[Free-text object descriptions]
*** Block opens ***
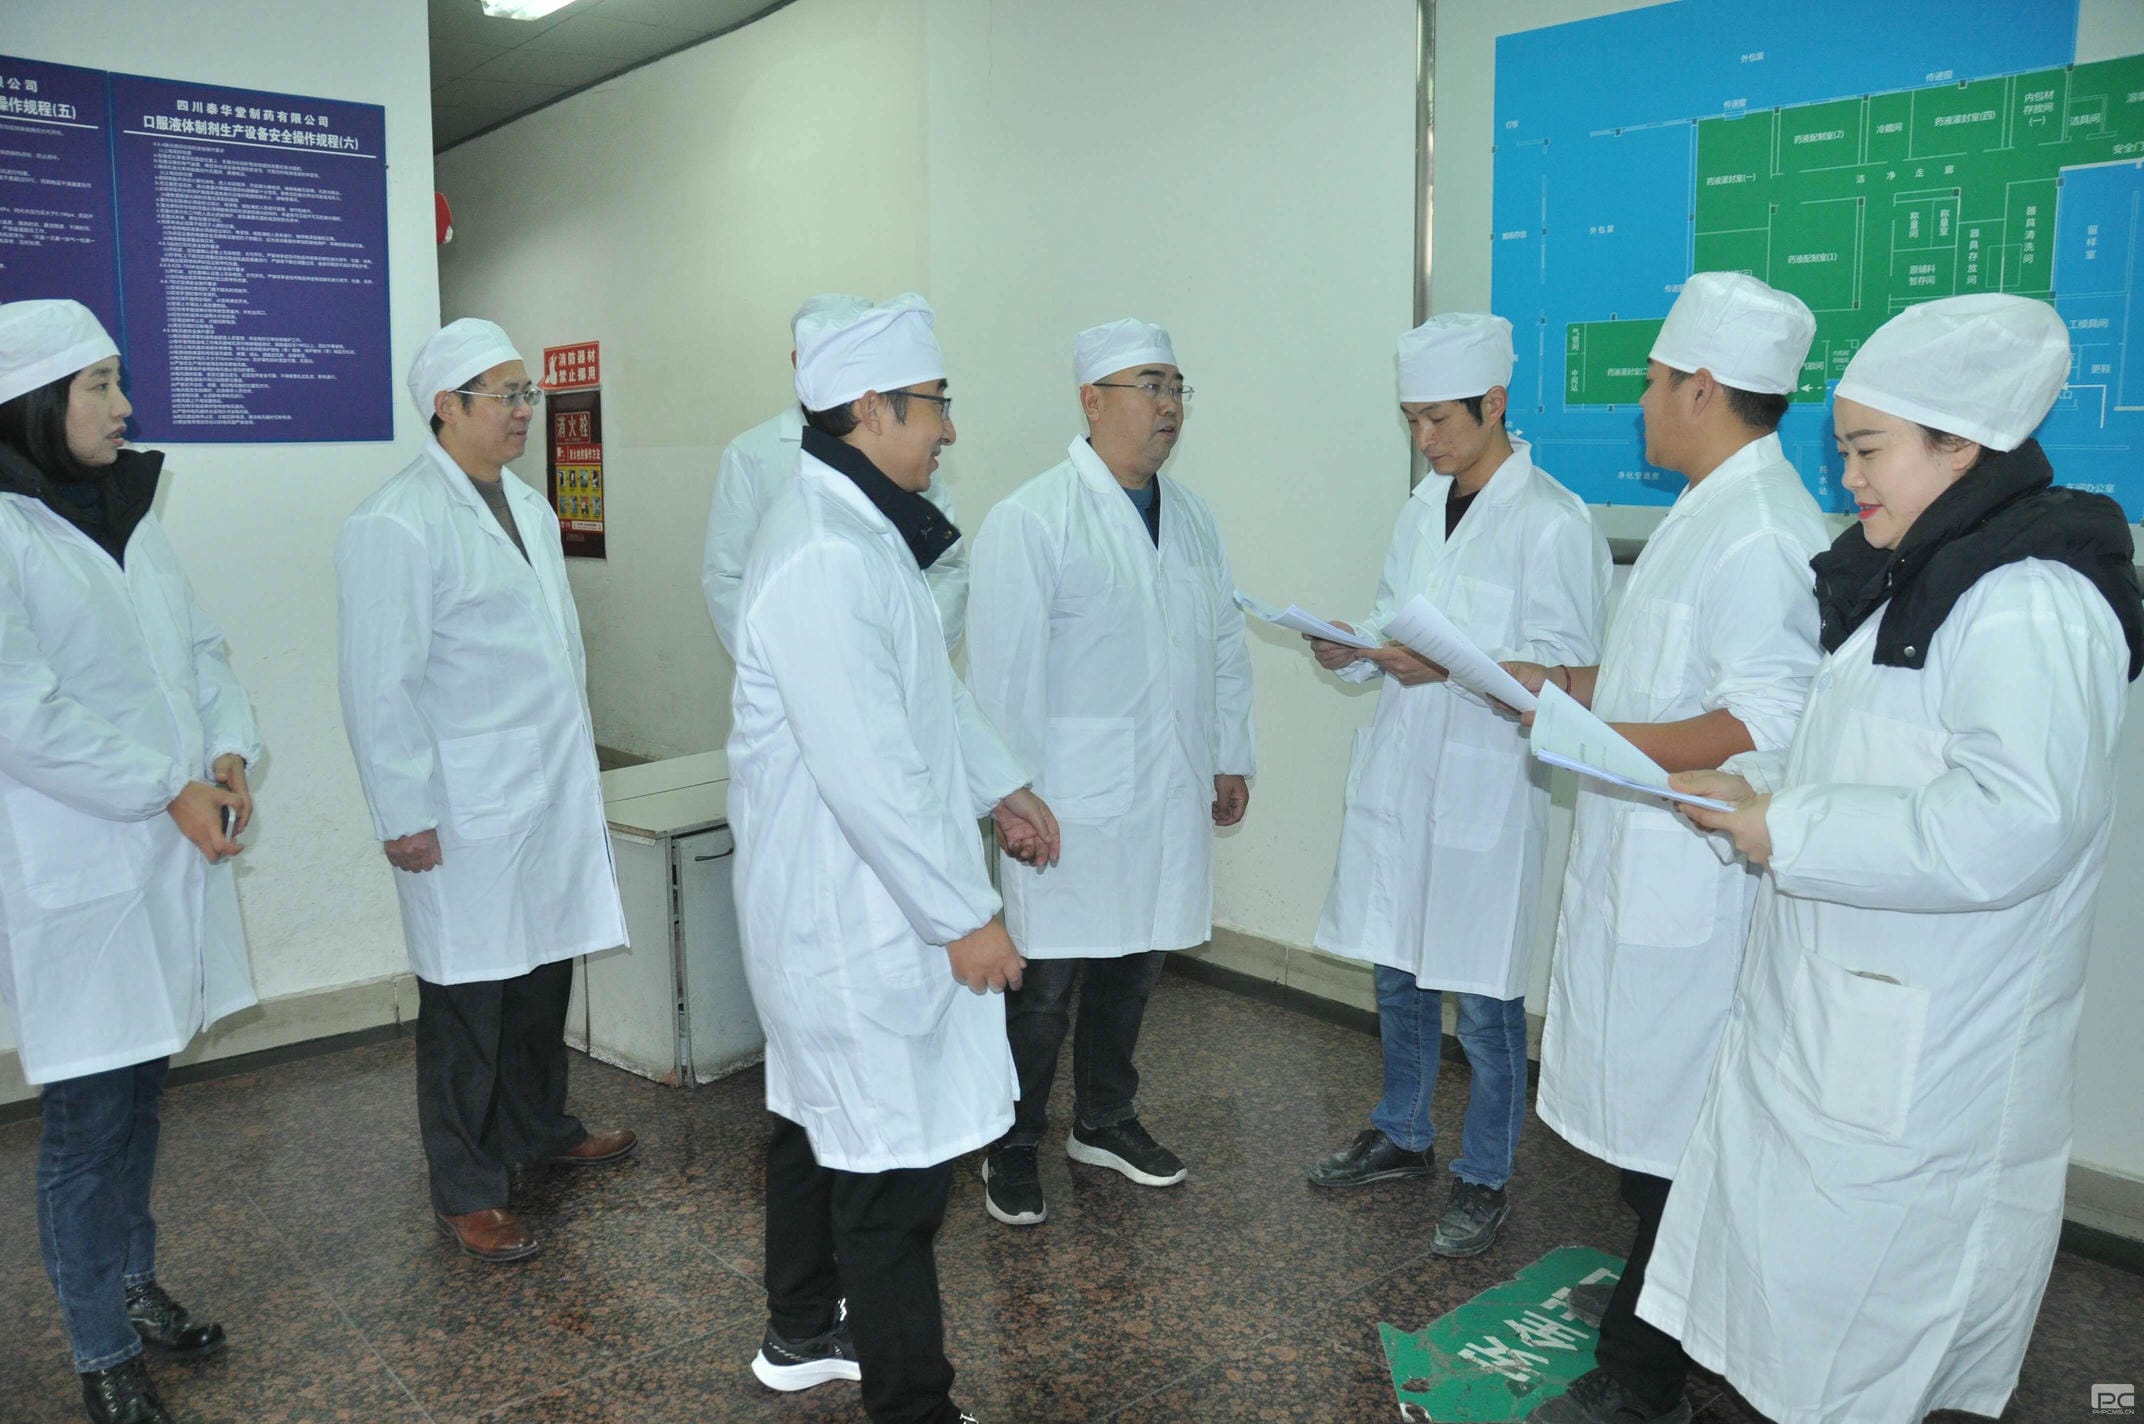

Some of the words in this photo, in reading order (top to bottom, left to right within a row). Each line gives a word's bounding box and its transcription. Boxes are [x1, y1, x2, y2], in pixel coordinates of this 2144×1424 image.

[2024, 89, 2055, 103] 内包材
[176, 99, 330, 129] 四川泰华堂制药有限公司
[2023, 102, 2055, 115] 存放间
[1934, 110, 1995, 127] 药液灌封室(四)
[2069, 112, 2101, 126] 洁具间
[143, 114, 359, 151] 口服液体制剂生产设备安全操作规程(六)
[2022, 206, 2037, 264] 器具清洗间
[1966, 228, 1980, 285] 器具存放间
[558, 349, 595, 367] 消防器材
[559, 366, 596, 384] 禁止挪用
[557, 414, 588, 438] 消火栓
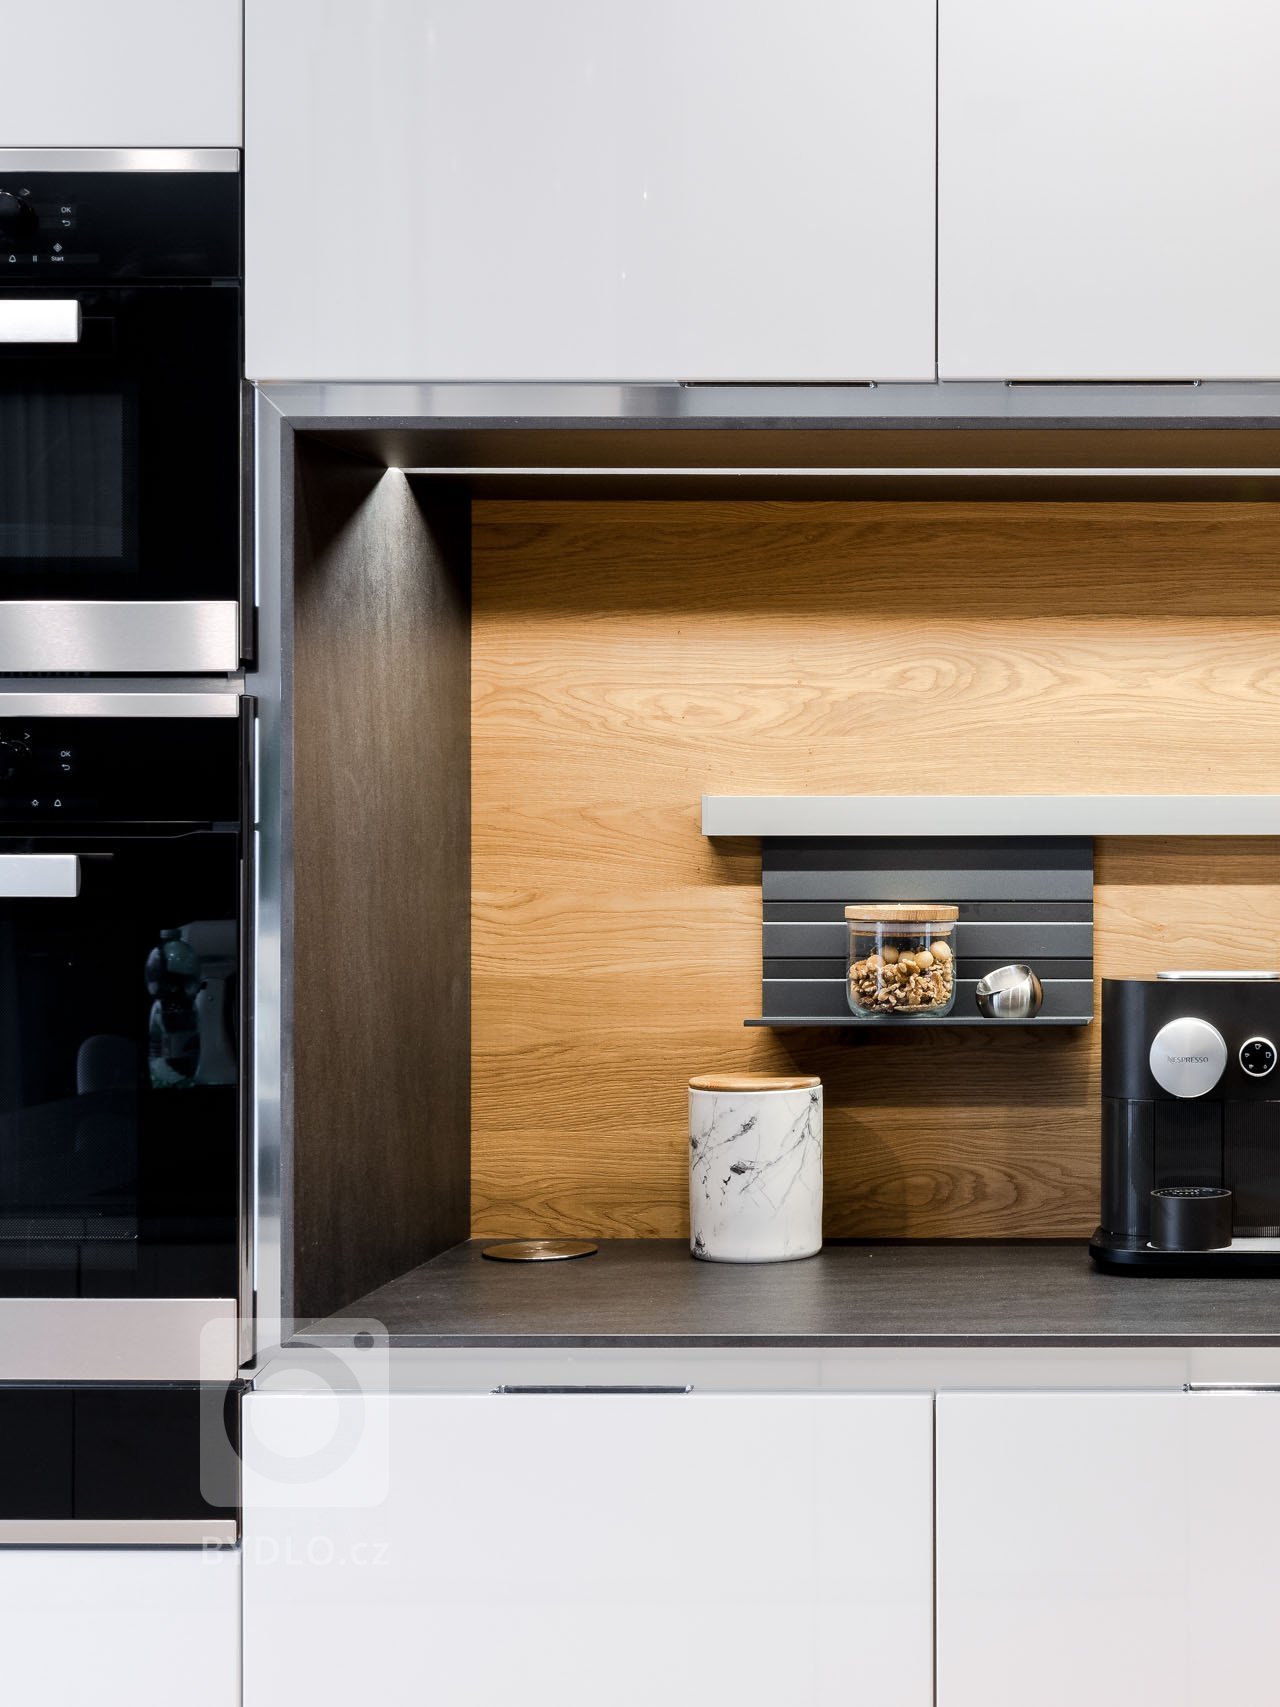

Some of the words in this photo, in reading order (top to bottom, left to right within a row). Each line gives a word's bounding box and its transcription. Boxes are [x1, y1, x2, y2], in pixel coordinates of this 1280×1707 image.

[60, 206, 72, 214] OK
[60, 750, 71, 758] OK
[1167, 1055, 1209, 1064] NESPRESSO
*** Block closes ***
» EXERCISE DESCRIPTION
Output every entry word for word, but omit the pictures.

» COMPLETED TASK
Some of the words in this photo, in reading order (top to bottom, left to right within a row). Each line gives a word's bounding box and its transcription. Boxes are [x1, y1, x2, y2], in pixel coordinates of this 2144×1424 image.

[2024, 89, 2055, 103] 内包材
[176, 99, 330, 129] 四川泰华堂制药有限公司
[2023, 102, 2055, 115] 存放间
[1934, 110, 1995, 127] 药液灌封室(四)
[2069, 112, 2101, 126] 洁具间
[143, 114, 359, 151] 口服液体制剂生产设备安全操作规程(六)
[2022, 206, 2037, 264] 器具清洗间
[1966, 228, 1980, 285] 器具存放间
[558, 349, 595, 367] 消防器材
[559, 366, 596, 384] 禁止挪用
[557, 414, 588, 438] 消火栓

Some of the words in this photo, in reading order (top to bottom, left to right within a row). Each line gives a word's bounding box and its transcription. Boxes are [x1, y1, x2, y2], in pixel coordinates of this 1280×1707 image.

[60, 206, 72, 214] OK
[60, 750, 71, 758] OK
[1167, 1055, 1209, 1064] NESPRESSO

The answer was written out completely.